Solution for 4 vials
Whatever we do, there’s no way we can attempt to reduce the number of rats with gained information after doing a trial: there’s simply no time! Hence, the naïve solution for the 4 vials would be one rat per compound; after 24h, the one that is dead would point to the correct vial.

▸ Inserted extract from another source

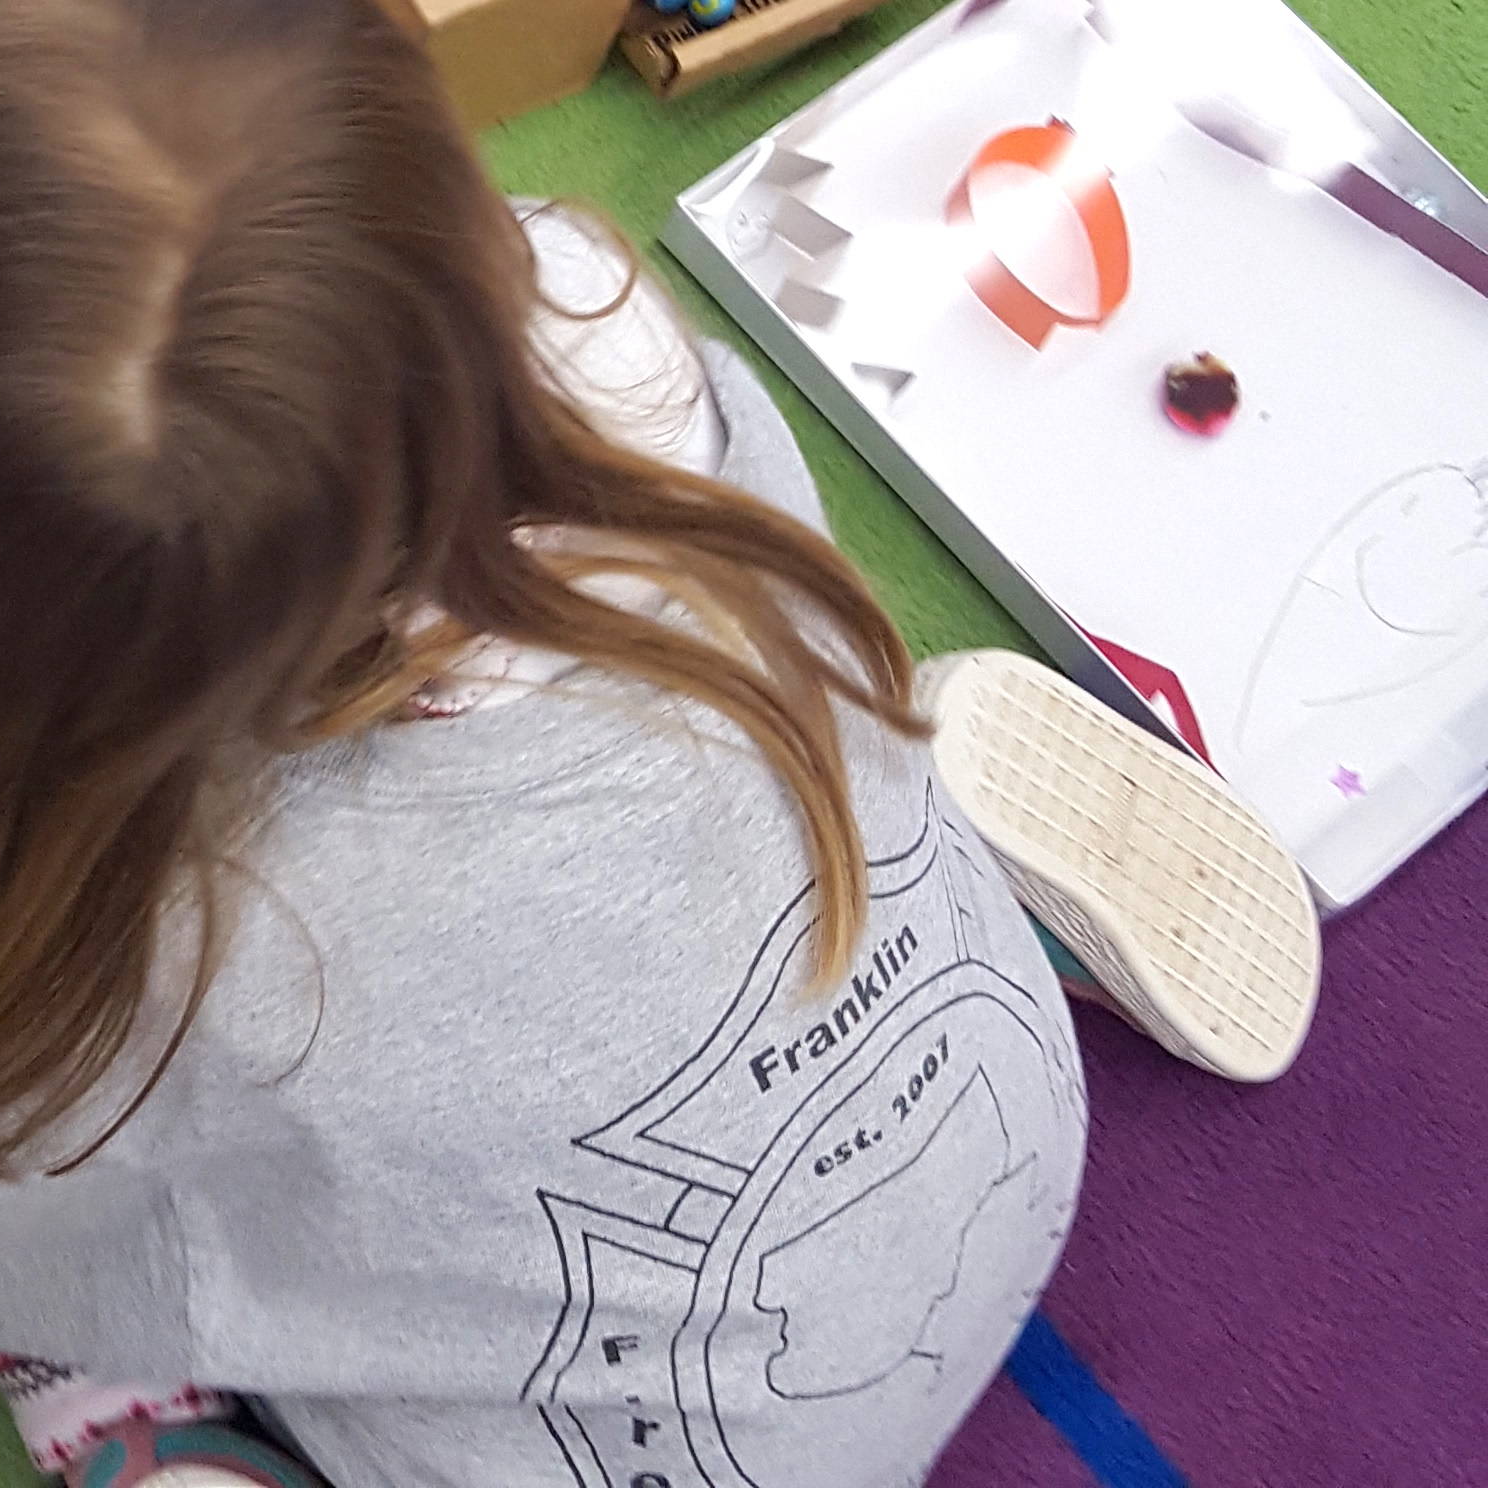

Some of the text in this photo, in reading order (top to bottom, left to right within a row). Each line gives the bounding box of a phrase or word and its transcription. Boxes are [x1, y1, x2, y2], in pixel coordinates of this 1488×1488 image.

A naïve optimization of this strategy would reduce the need to three rats: Mark would leave one compound out of the experience, and if no rat died, the compound that was left out would be the correct one. The minimum amount, however, would be 2 rats, through the following scheme:
Compound | Rat A | Rat B |
---|---|---|
1 | No | No |
2 | Yes | No |
3 | No | Yes |
4 | Yes | Yes |
… where compound 1 wouldn’t be administered at all; compound 2 would be administered to Rat A; compound 3 to Rat B; and compound 4 to both of them. If both rats end up dying, Mark would know that the poison is in vial 4. Be aware that this works only because there’s a single poisonous compound and no interference between them.
Solution for n vials
How would one proceed with 8 vials?
Compound | Rat A | Rat B | Rat C |
---|---|---|---|
1 | No | No | No |
2 | Yes | No | No |
3 | No | Yes | No |
4 | Yes | Yes | No |
5 | No | No | Yes |
6 | Yes | No | Yes |
7 | No | Yes | Yes |
8 | Yes | Yes | Yes |
The attentive reader would have already noticed that, for $n$ vials, Mark needs $\lceil\log_{2}{n}\rceil$ rats, with the information of the vials encoded using rats as bits. 8 compounds can be encoded in 3 bits, and 10 bits is enough to encode 1024 compounds. Hence, the number of rats required to test 1000 vials is 10.